___ Dataset content

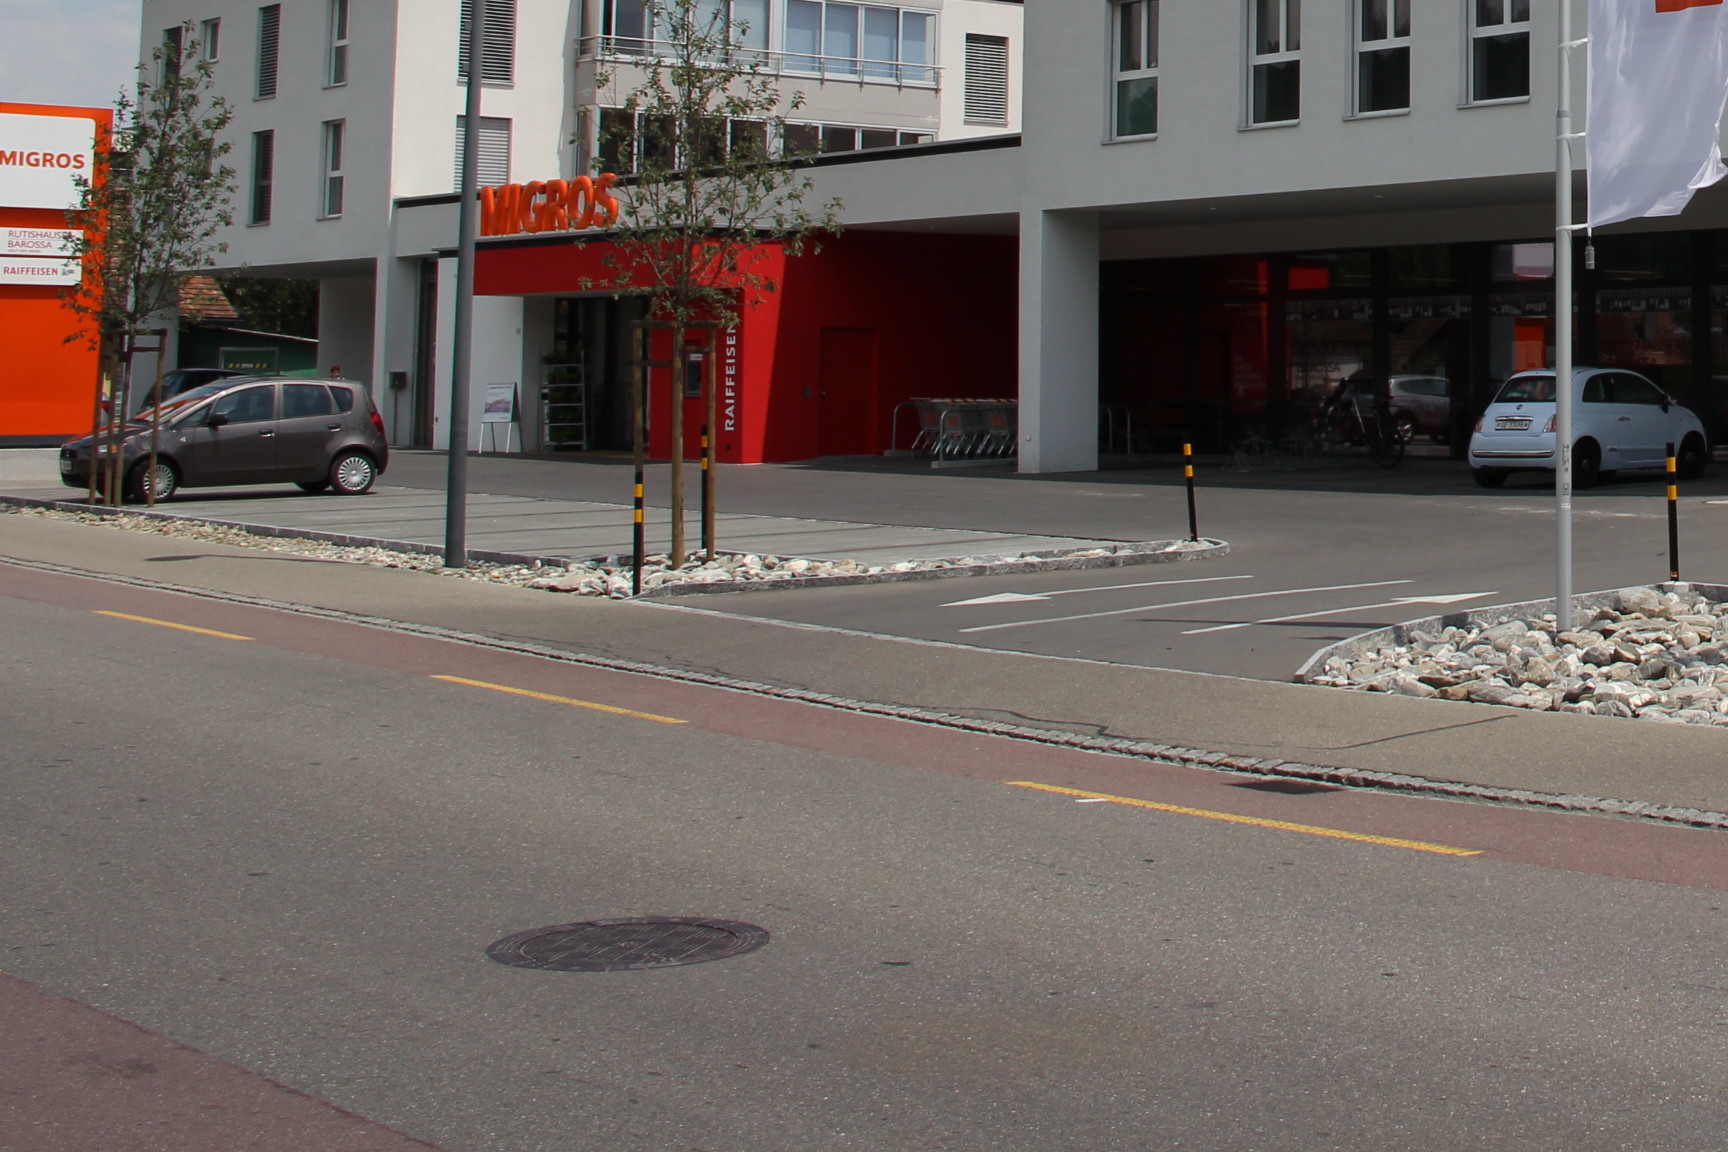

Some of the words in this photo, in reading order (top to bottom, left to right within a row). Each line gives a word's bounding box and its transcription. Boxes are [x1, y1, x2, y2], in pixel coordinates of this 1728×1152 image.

[0, 150, 86, 169] MIGROS
[480, 172, 619, 236] MIGROS
[8, 240, 53, 249] BAROSSA
[3, 266, 59, 276] RAIFFEISEN
[725, 324, 736, 431] RAIFFEISEN

______

● Directions: Every line above should be retyped exactly; the pictures do not belong in the copy.

● The completed task:
Some of the words in this photo, in reading order (top to bottom, left to right within a row). Each line gives a word's bounding box and its transcription. Boxes are [x1, y1, x2, y2], in pixel coordinates of this 1728×1152 image.

[0, 150, 86, 169] MIGROS
[480, 172, 619, 236] MIGROS
[8, 240, 53, 249] BAROSSA
[3, 266, 59, 276] RAIFFEISEN
[725, 324, 736, 431] RAIFFEISEN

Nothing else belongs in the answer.